##### Dataset entries

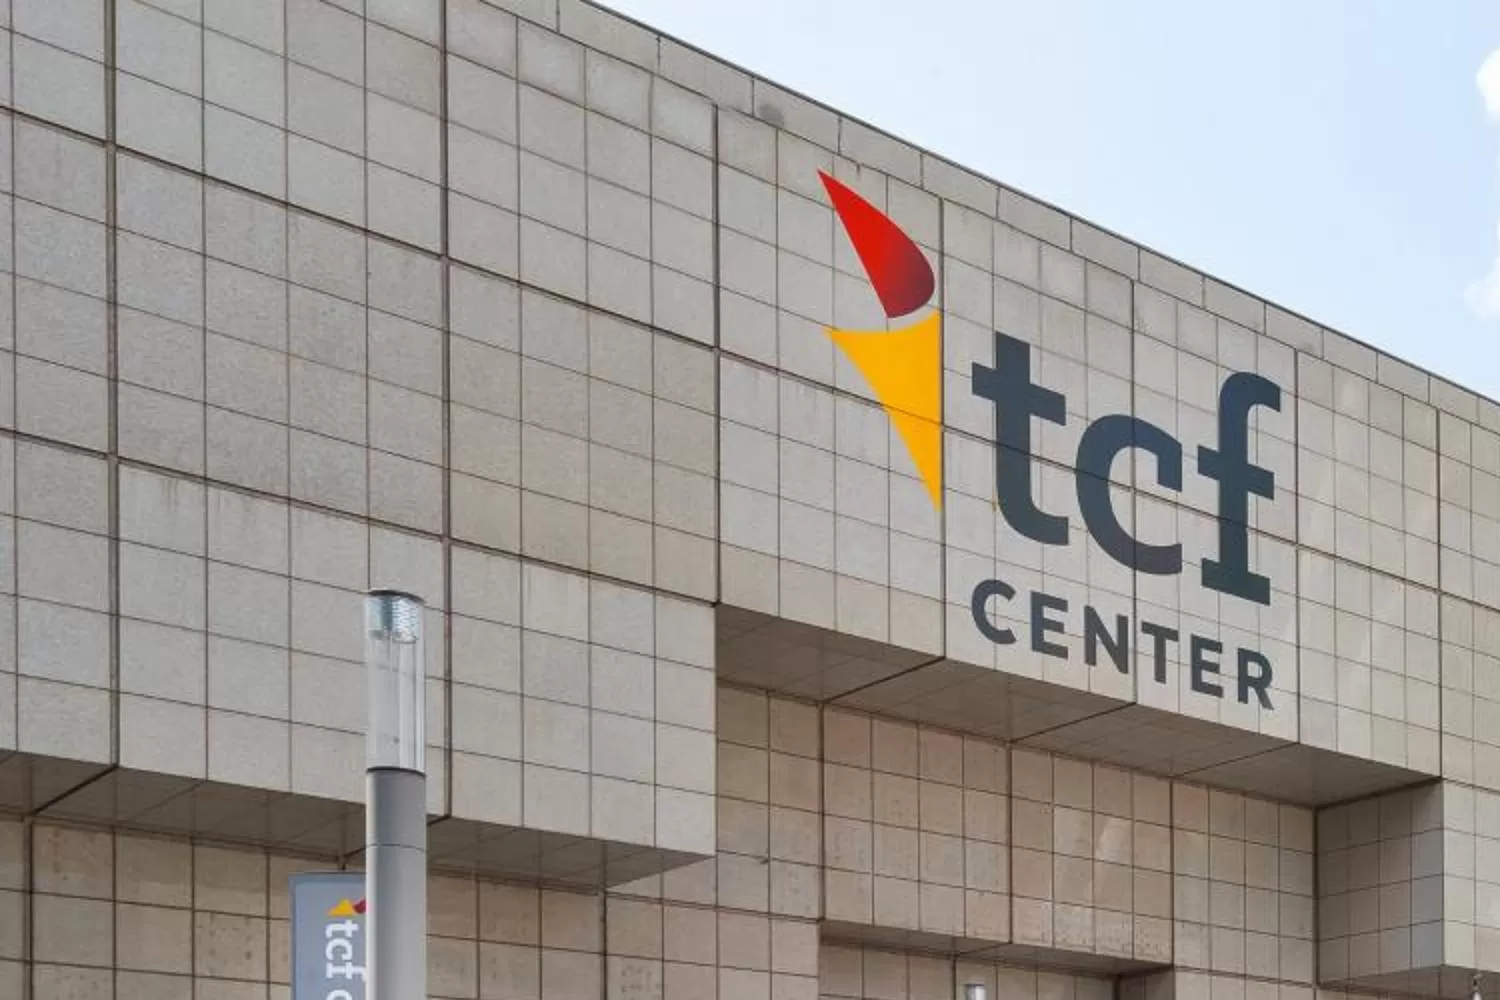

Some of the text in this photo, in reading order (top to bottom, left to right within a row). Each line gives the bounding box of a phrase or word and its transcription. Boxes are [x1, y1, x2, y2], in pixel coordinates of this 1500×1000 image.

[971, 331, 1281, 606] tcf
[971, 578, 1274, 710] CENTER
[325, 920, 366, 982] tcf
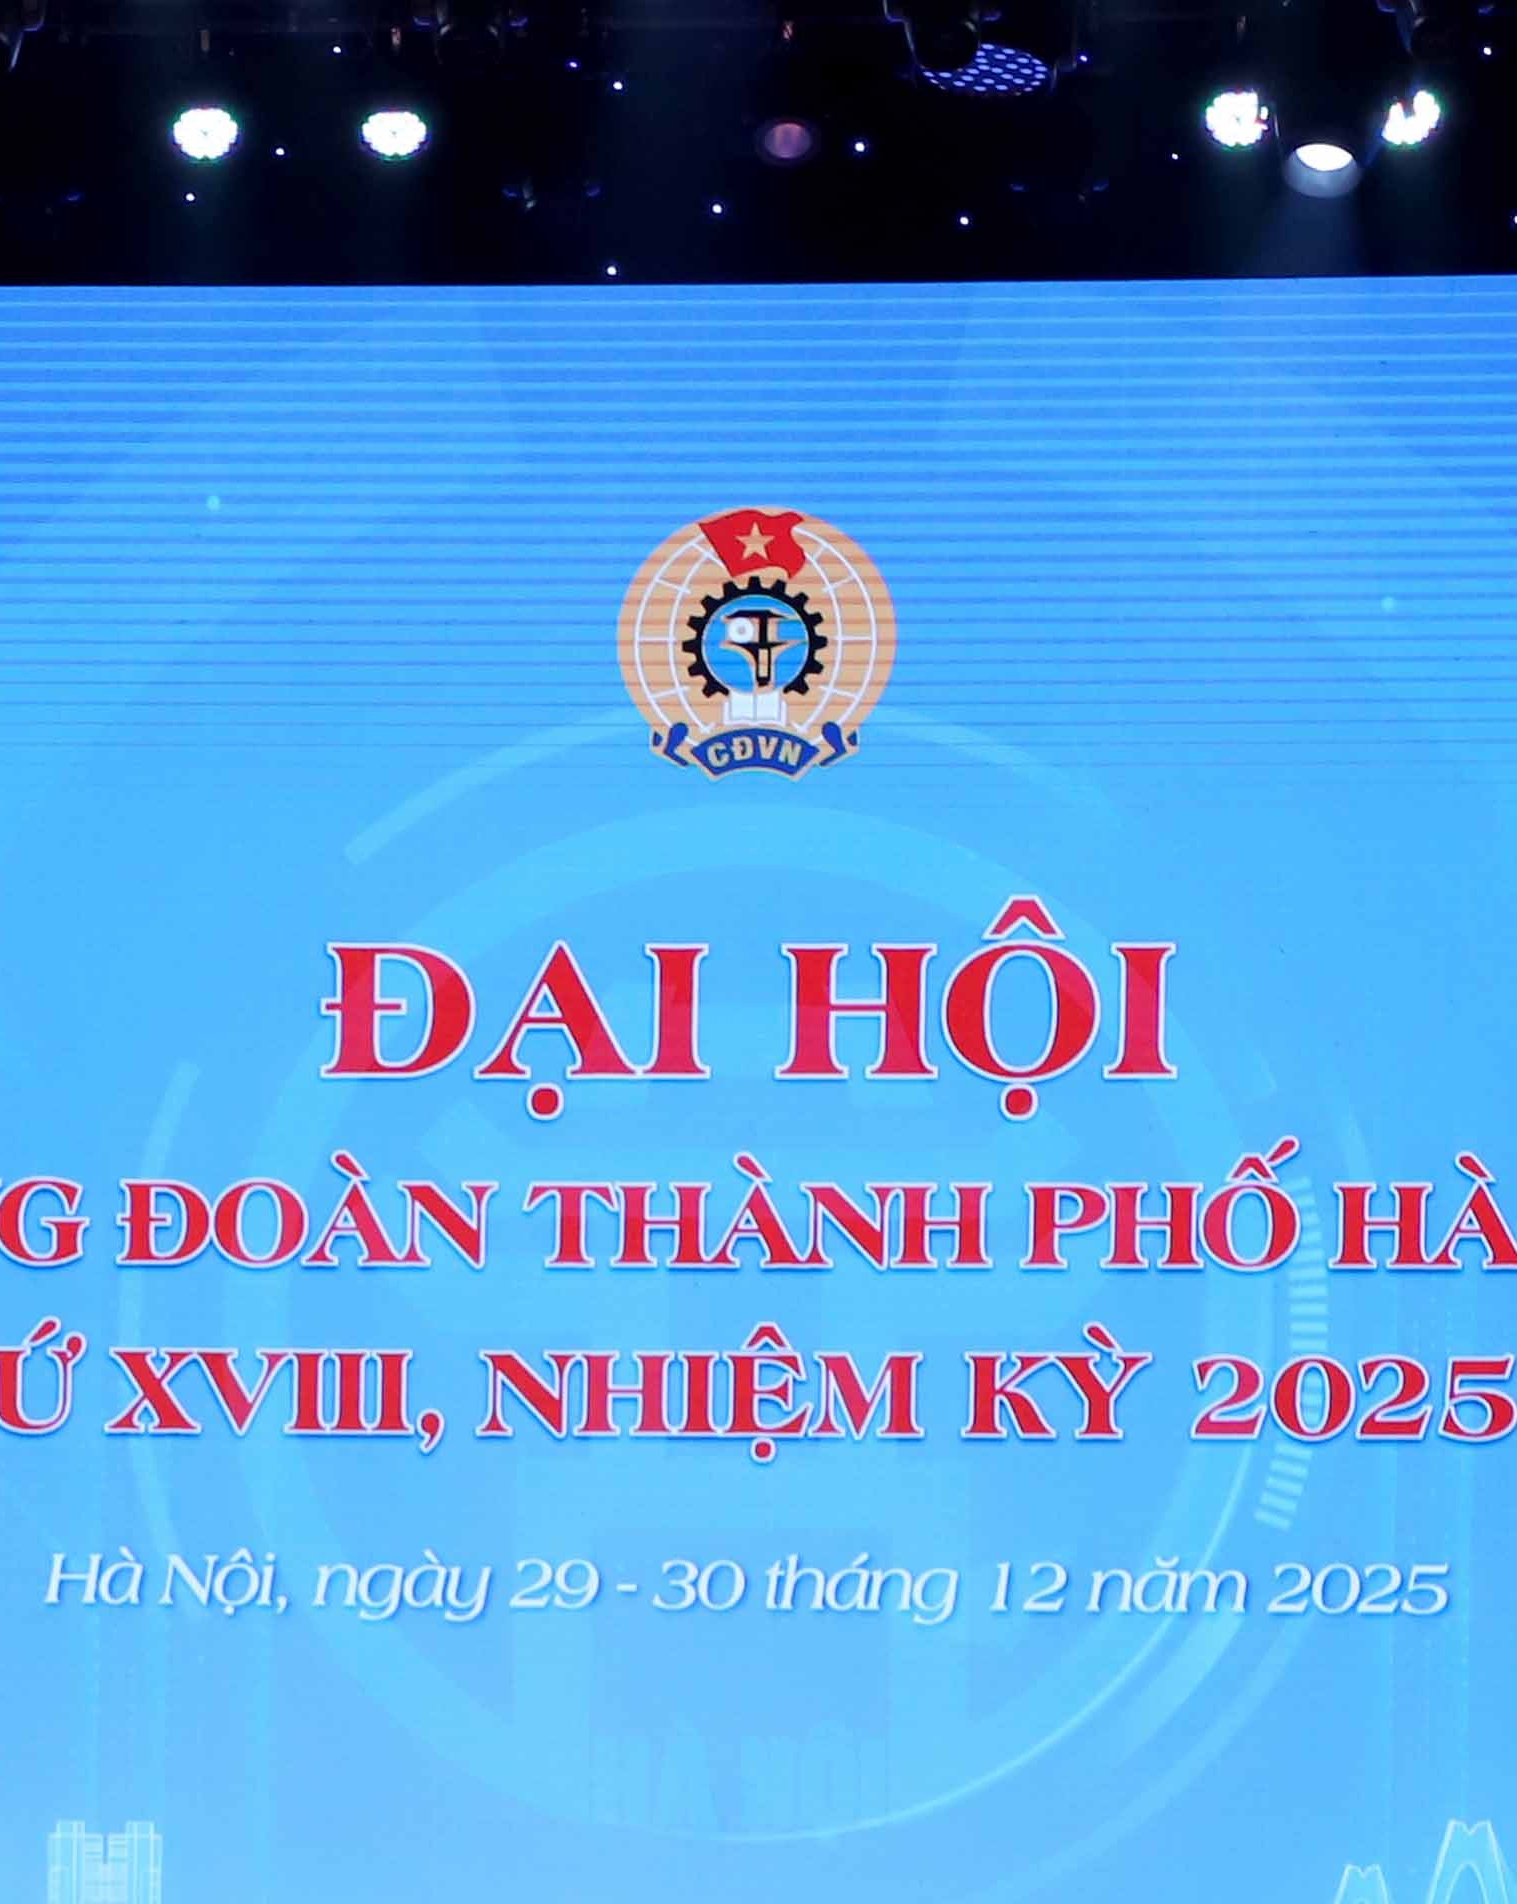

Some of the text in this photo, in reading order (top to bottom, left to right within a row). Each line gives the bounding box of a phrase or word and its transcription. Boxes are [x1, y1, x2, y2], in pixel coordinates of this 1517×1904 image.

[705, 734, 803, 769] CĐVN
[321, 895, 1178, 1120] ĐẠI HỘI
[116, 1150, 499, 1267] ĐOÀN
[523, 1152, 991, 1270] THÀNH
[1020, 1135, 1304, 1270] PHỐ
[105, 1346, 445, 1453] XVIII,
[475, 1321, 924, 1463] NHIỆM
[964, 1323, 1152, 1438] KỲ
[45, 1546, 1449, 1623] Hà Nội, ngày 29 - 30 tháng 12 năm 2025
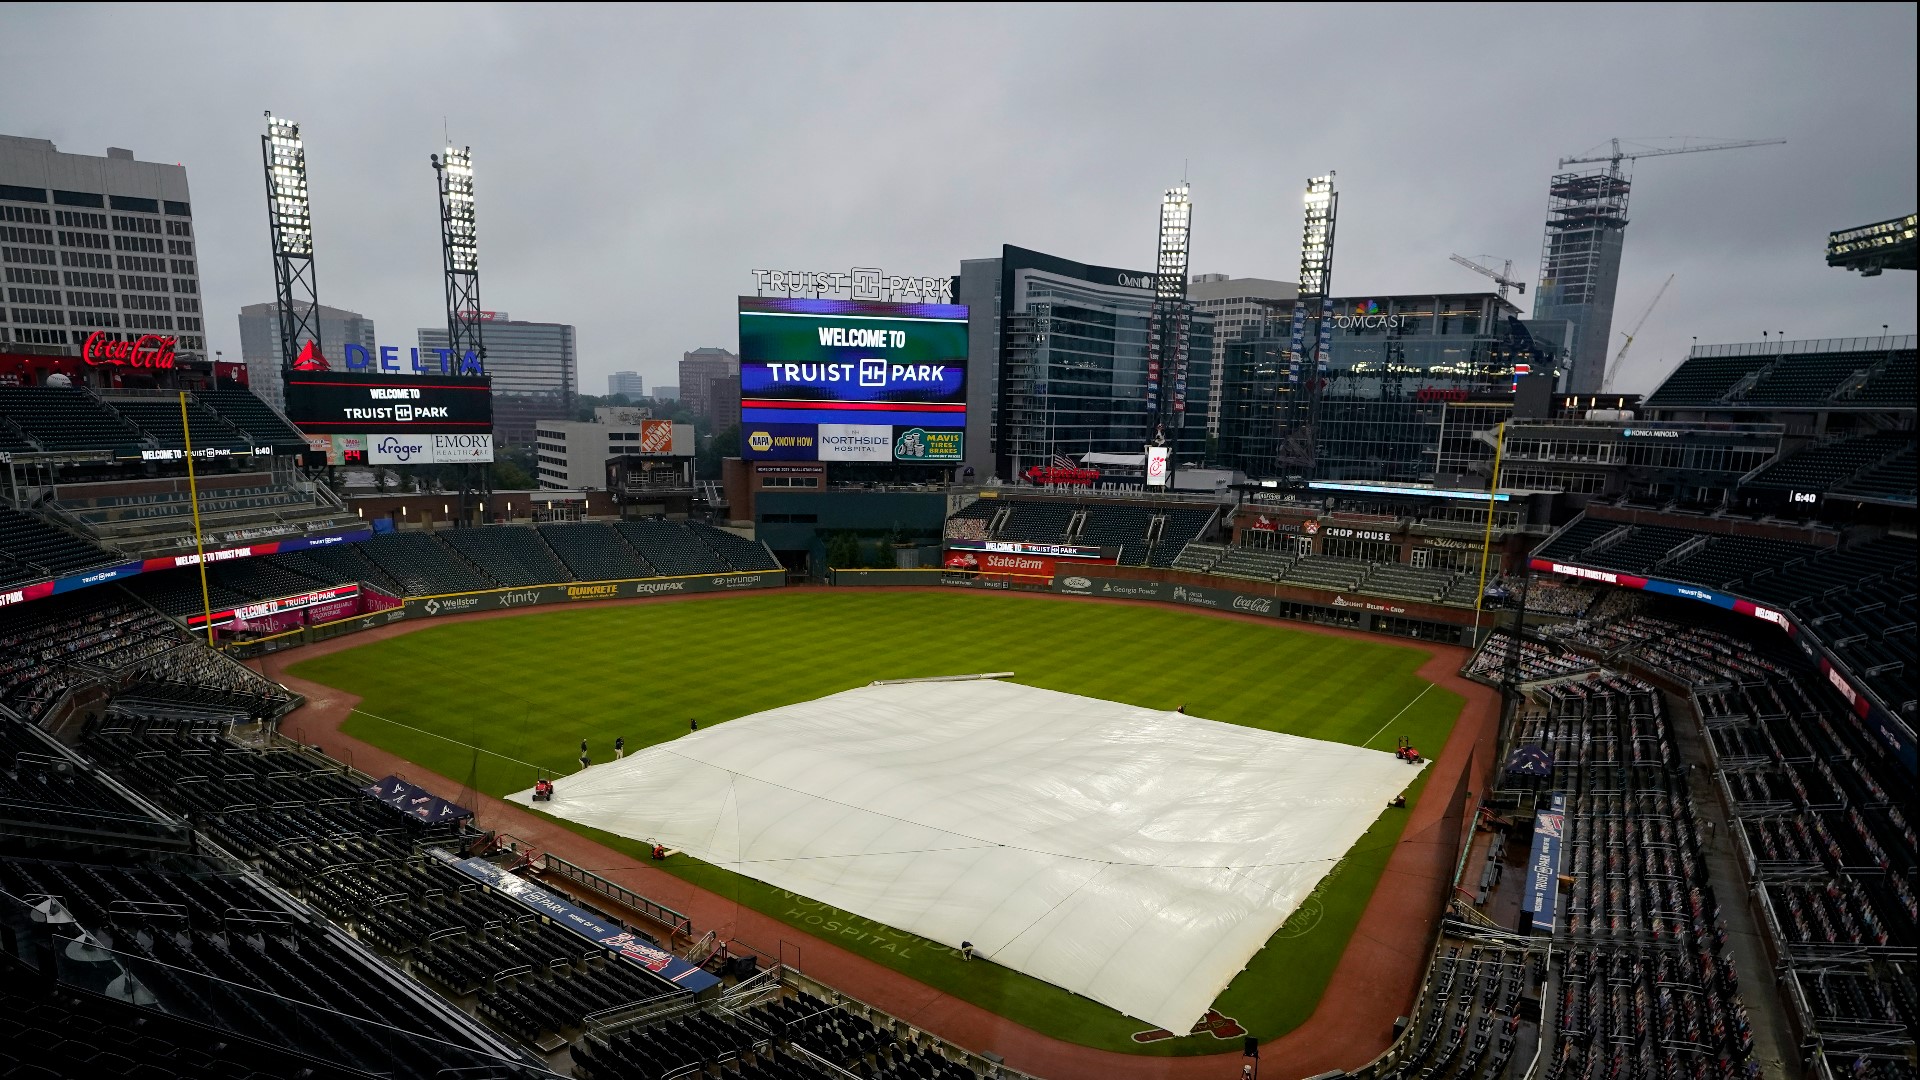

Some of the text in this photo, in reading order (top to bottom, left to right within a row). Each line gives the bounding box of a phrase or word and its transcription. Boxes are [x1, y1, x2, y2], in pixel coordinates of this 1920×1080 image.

##########

**Your instructions**
With the pictures left out, give again exactly the lines from the one that contains "this 1517×1904 image." through the final line of the data above.

**Task solution**
Some of the text in this photo, in reading order (top to bottom, left to right within a row). Each line gives the bounding box of a phrase or word and its transcription. Boxes are [x1, y1, x2, y2], in pixel coordinates of this 1517×1904 image.

[705, 734, 803, 769] CĐVN
[321, 895, 1178, 1120] ĐẠI HỘI
[116, 1150, 499, 1267] ĐOÀN
[523, 1152, 991, 1270] THÀNH
[1020, 1135, 1304, 1270] PHỐ
[105, 1346, 445, 1453] XVIII,
[475, 1321, 924, 1463] NHIỆM
[964, 1323, 1152, 1438] KỲ
[45, 1546, 1449, 1623] Hà Nội, ngày 29 - 30 tháng 12 năm 2025

Some of the text in this photo, in reading order (top to bottom, left to right within a row). Each line gives the bounding box of a phrase or word and its transcription. Boxes are [x1, y1, x2, y2], in pixel coordinates of this 1920×1080 image.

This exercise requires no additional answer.